■ **WORK INSTRUCTION**
Make a verbatim copy of all the records. Skip every image.

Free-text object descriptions

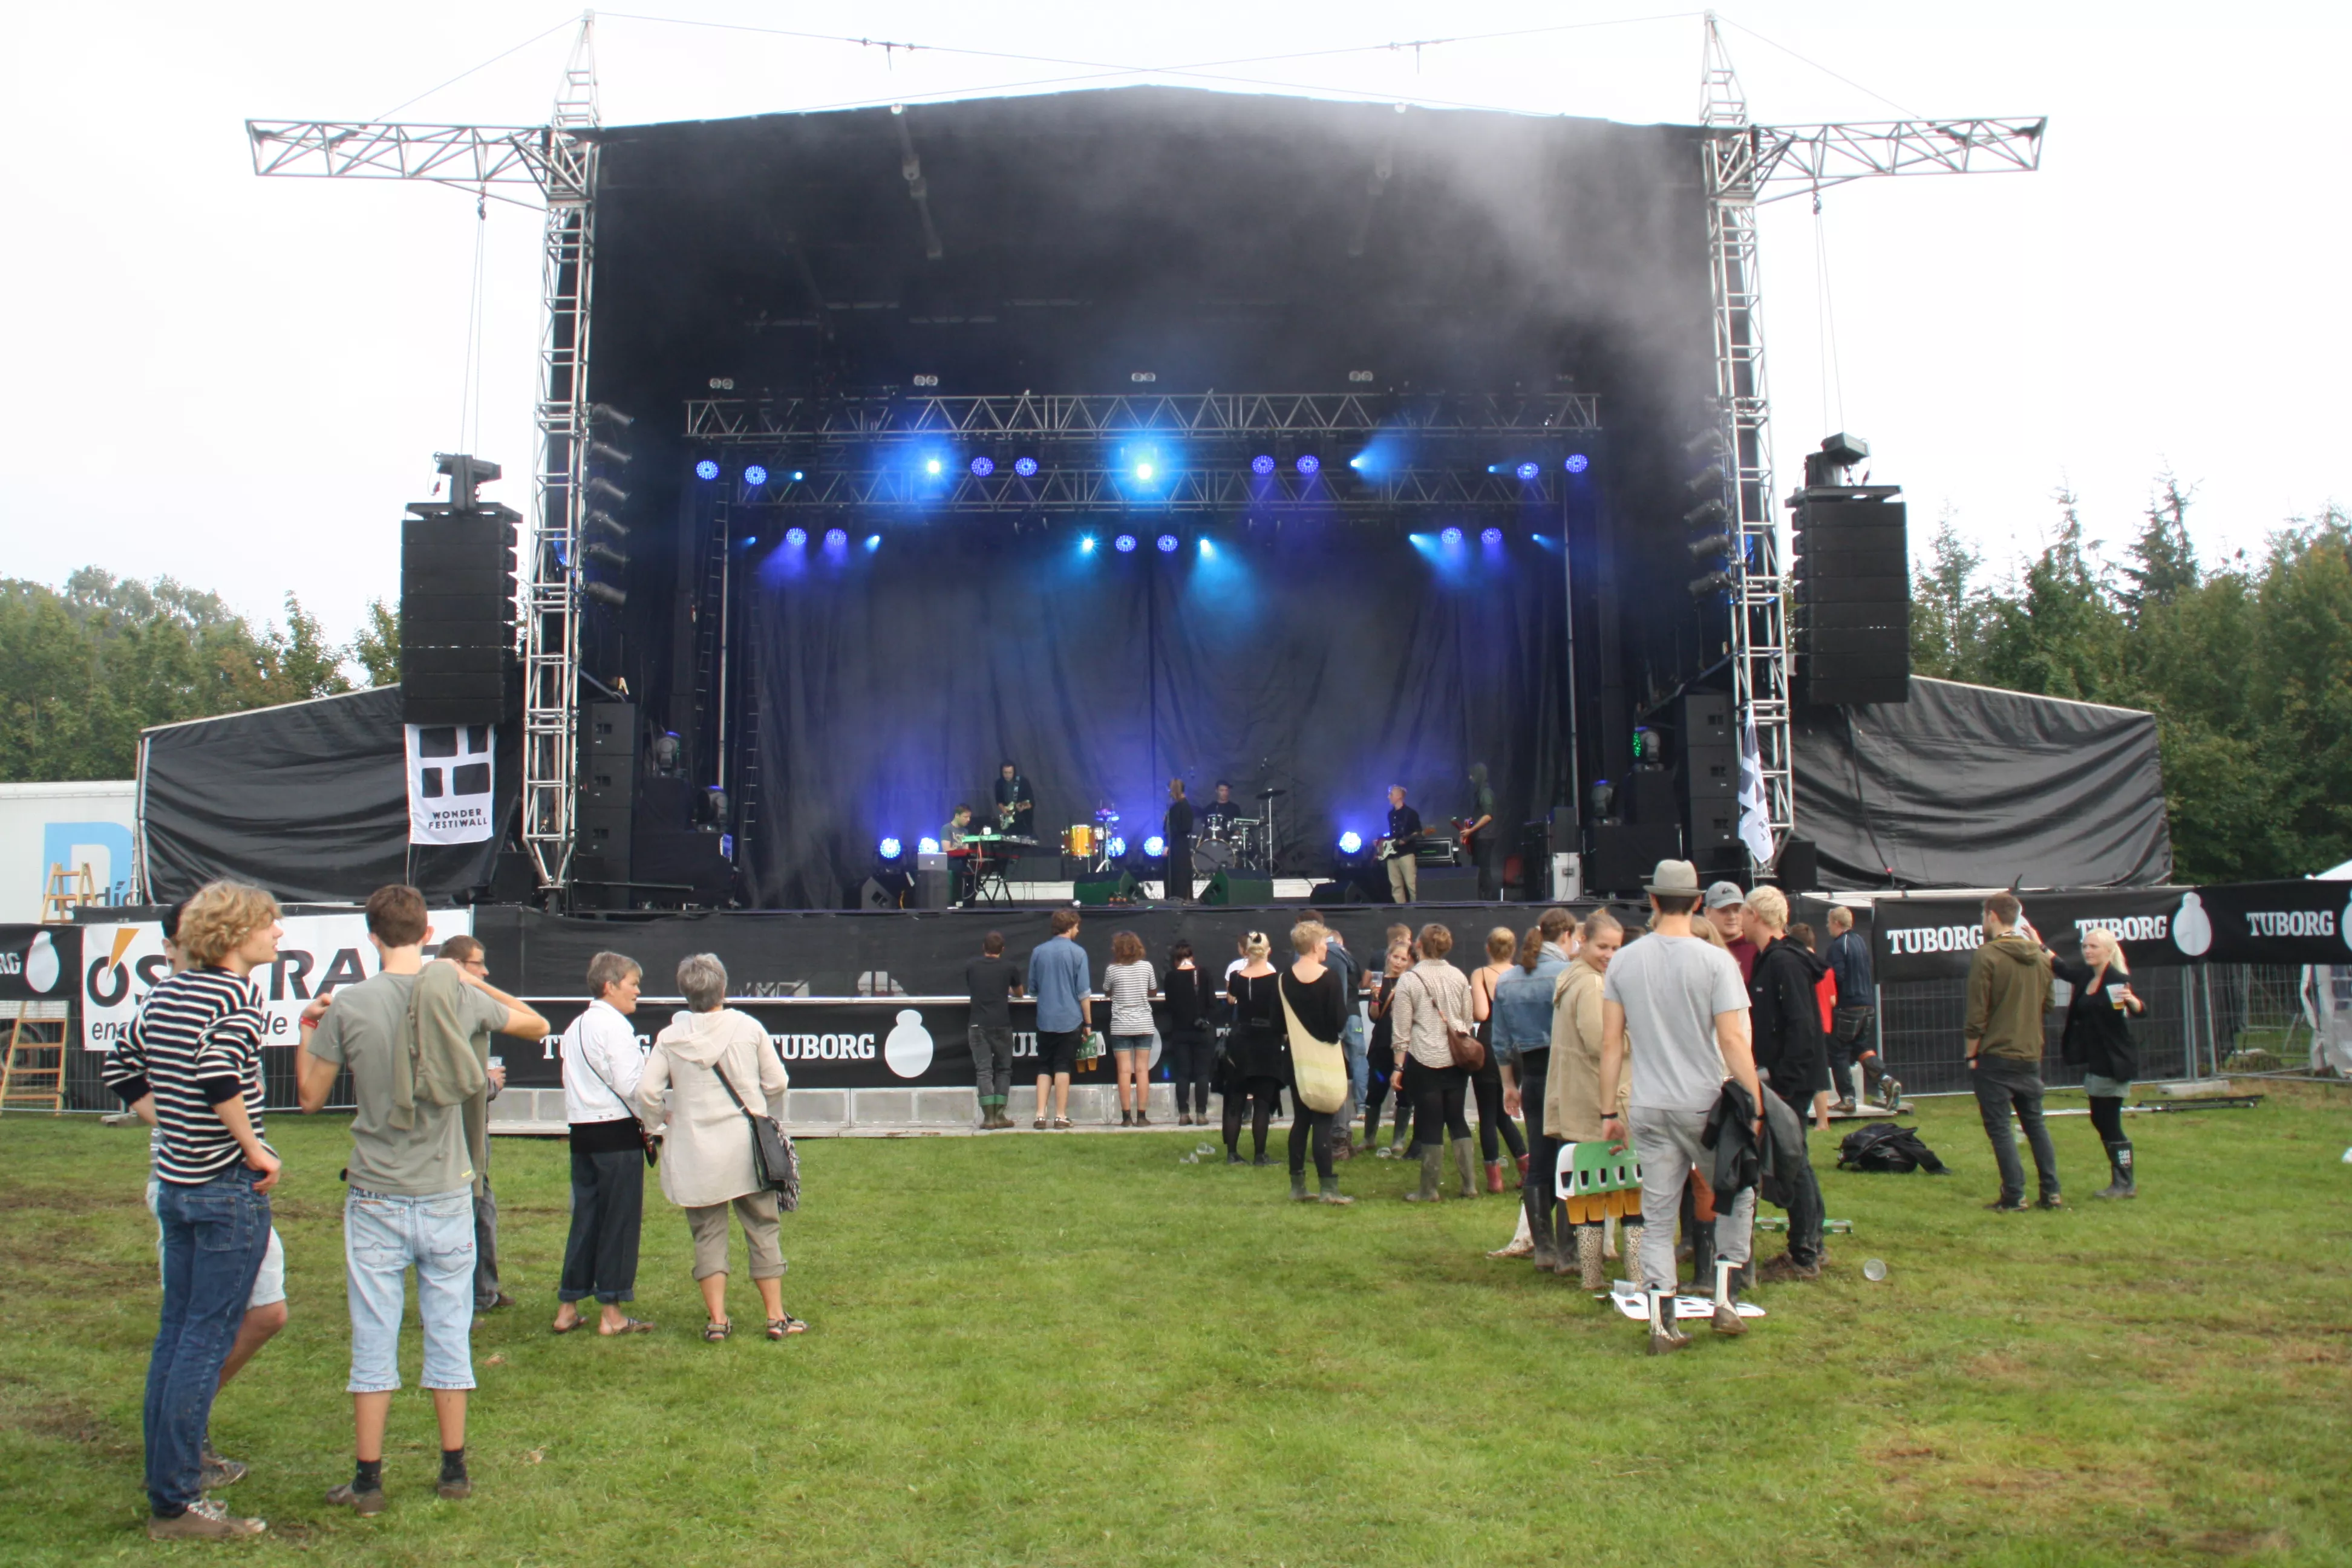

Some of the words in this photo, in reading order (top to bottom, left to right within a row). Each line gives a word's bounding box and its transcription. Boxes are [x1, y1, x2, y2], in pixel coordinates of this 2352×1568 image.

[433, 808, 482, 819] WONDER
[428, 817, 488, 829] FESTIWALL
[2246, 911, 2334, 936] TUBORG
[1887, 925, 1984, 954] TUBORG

■ **PROBLEM SOLUTION**
Some of the words in this photo, in reading order (top to bottom, left to right within a row). Each line gives a word's bounding box and its transcription. Boxes are [x1, y1, x2, y2], in pixel coordinates of this 2352×1568 image.

[433, 808, 482, 819] WONDER
[428, 817, 488, 829] FESTIWALL
[2246, 911, 2334, 936] TUBORG
[1887, 925, 1984, 954] TUBORG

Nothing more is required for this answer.